LINZ. Wichtige Förderung durch das Land Oberösterreich gilt auch für kommendes Schuljahr. Seit 1996 bereits zwei Millionen Euro für Unterstützung aufgewendet.

Die Bauhandwerkerschule und ihre Absolventen sind ein wichtiger Bestandteil in der heimischen Bauwirtschaft. Dabei ist die Existenz der Schule, die in den saisonal auftragsarmen Wintermonaten Maurer, Zimmerer und Steinmetze aus- und weiterbildet, keine Selbstverständlichkeit. Diese war nach der Novellierung des Arbeitslosenversicherungsgesetzes Ende 1995 gefährdet. Erst ein Sonderkollektivvertrag auf Bundesebene, auf dessen Grundlage für die Dauer des Schulbesuchs zwei Drittel der Lohnkosten vom AMS bzw. vom Europäischen Sozialfonds übernommen werden, hat den Weiterbestand abgesichert.

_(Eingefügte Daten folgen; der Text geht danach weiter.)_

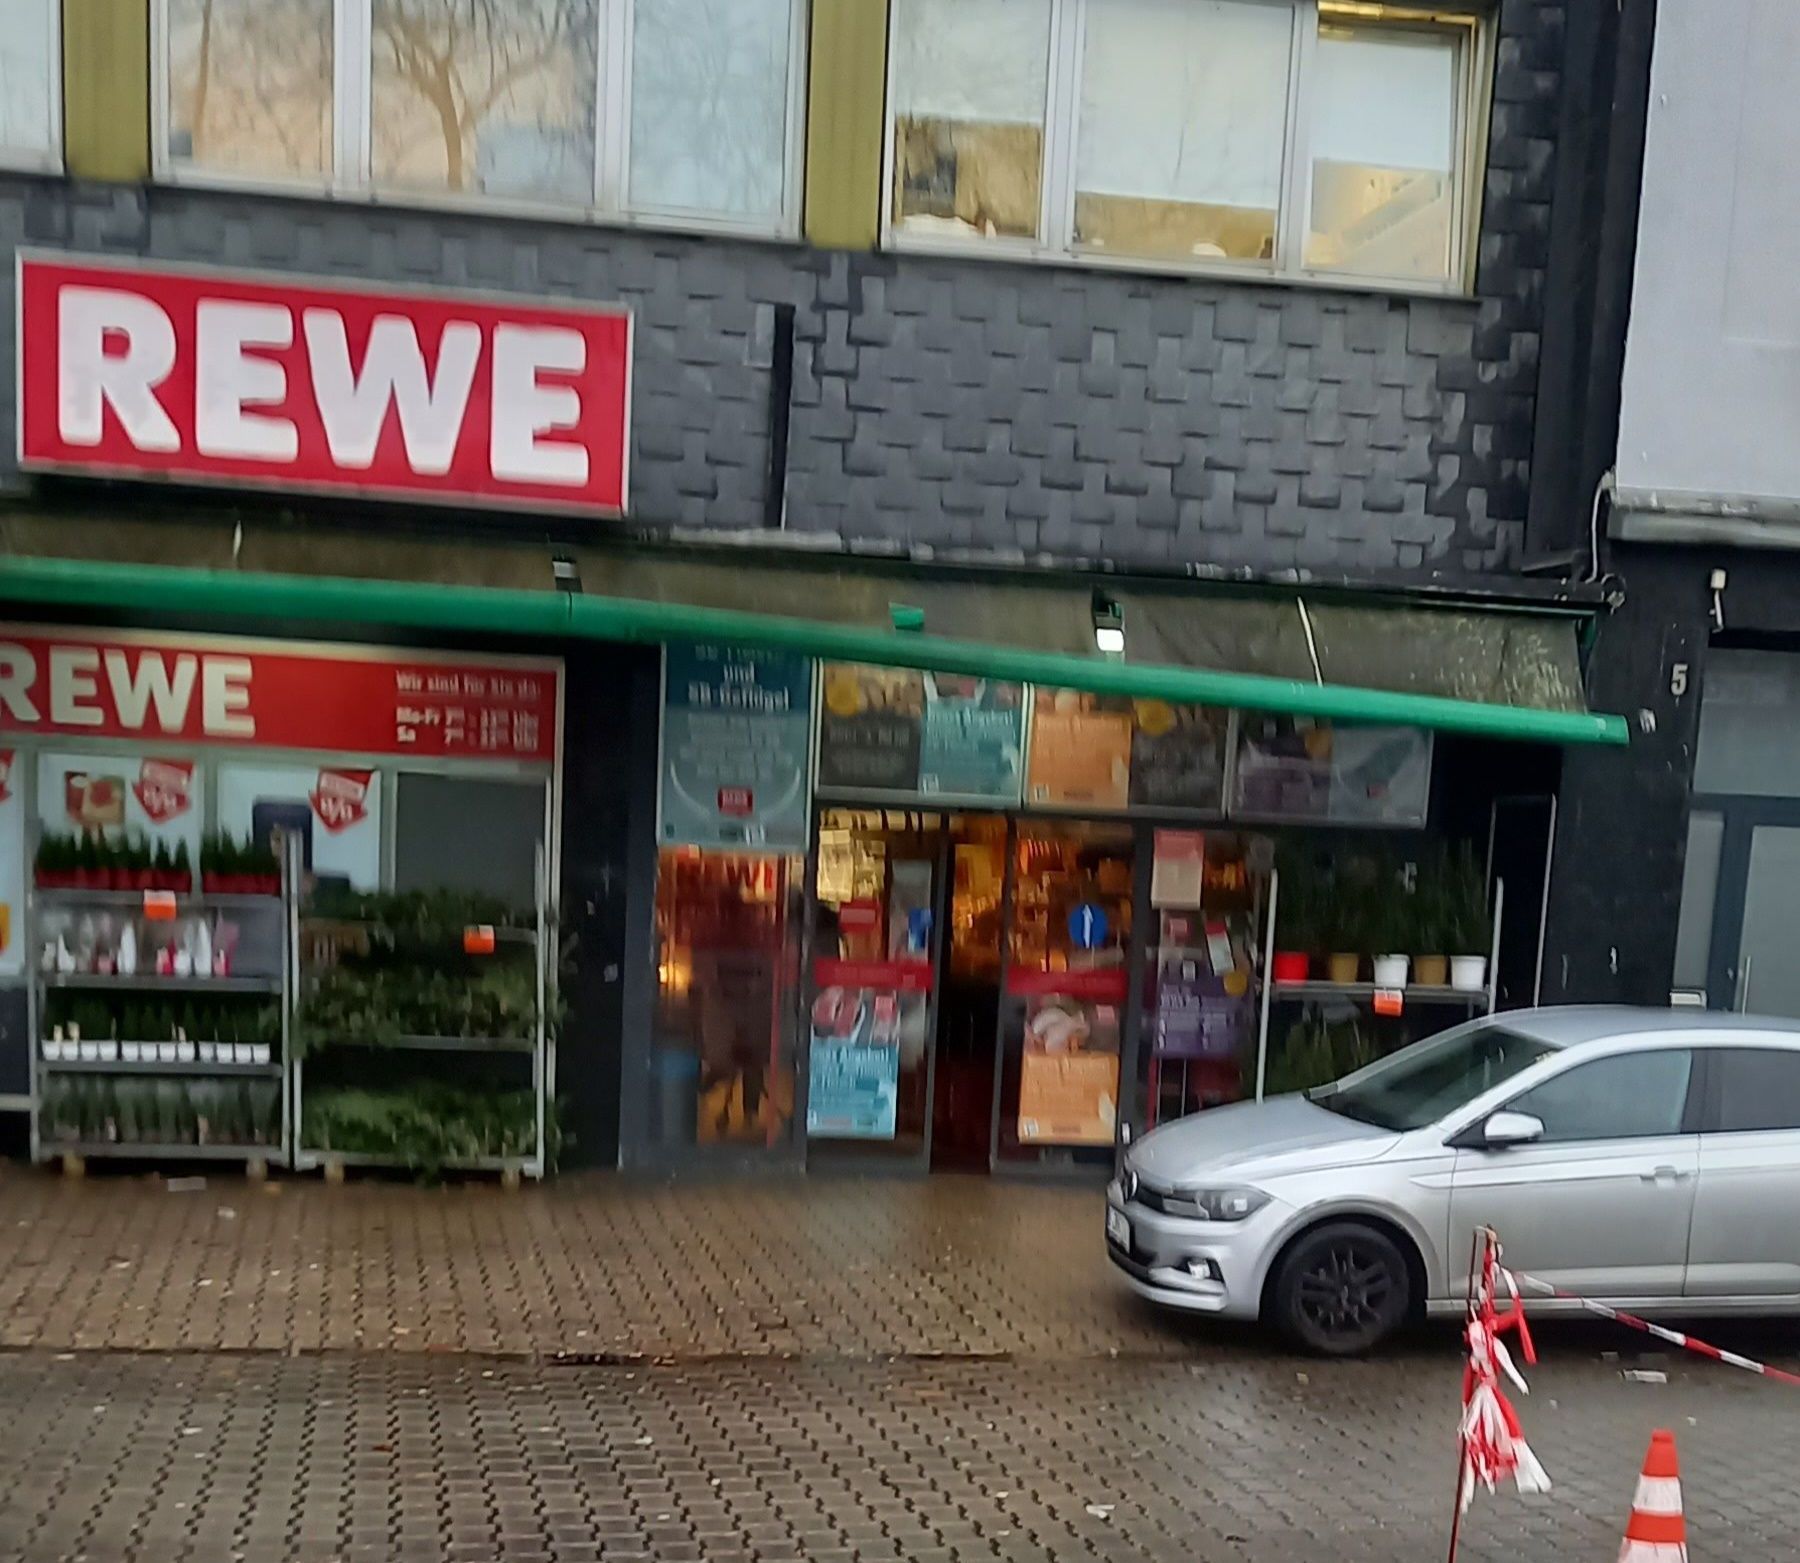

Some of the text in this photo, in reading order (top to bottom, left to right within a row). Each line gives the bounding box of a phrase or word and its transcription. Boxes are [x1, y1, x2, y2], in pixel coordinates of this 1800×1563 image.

[58, 285, 590, 487] REWE
[0, 641, 256, 739] REWE
[1670, 663, 1688, 696] 5

Ergänzend dazu ist es dem Branchenverbund Bauwirtschaft der Wirtschaftskammer Oberösterreich gelungen, eine Zusatzförderung des Wirtschaftsressorts der oö. Landesregierung für die betroffenen Dienstgeberbetriebe in Höhe von 1.000 Euro je Schüler und Schuljahr zu erhalten. „Diese befristete Unterstützung des Landes wird auch für das Schuljahr 2024/2025 fortgesetzt“, konnte nun Markus Hofer, Geschäftsführer des Branchenverbunds, bekannt geben Eine entsprechende Zusage hat Wirtschaftslandesrat Markus Achleitner bereits gegeben. „Die praxisnahe Aus- und Weiterbildung in den Bauhandwerkerschulen leistet einen wichtigen Beitrag dazu, unseren Betrieben die dringend benötigten Fachkräfte zur Verfügung zu stellen. Deshalb unterstützt das Land Oberösterreich ganz bewusst dieses Weiterbildungsangebot. Seit 1996 hat das Land für diese Unterstützung für Bauhandwerkerschüler bereits mehr als zwei Millionen Euro aufgewendet“, betont Achleitner.

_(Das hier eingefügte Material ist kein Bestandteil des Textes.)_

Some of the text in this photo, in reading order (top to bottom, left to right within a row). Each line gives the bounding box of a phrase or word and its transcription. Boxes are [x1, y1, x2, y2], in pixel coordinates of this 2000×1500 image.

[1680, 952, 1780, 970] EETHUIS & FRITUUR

Die oö. Bauhandwerkerschüler werden vornehmlich an der HTL in Linz, Salzburg und Hallein ausgebildet. Die Abschlussprüfung berechtigt u. a. zur Lehrlingsausbildung und eröffnet neue Berufschancen. Die Bauhandwerkerschule umfasst auch die Qualifikation eines Werkmeisters (Poliers) und bereitet auf den Fachteil der Berufsreifeprüfung vor. Auch eine anschließende Diplomausbildung wird möglich.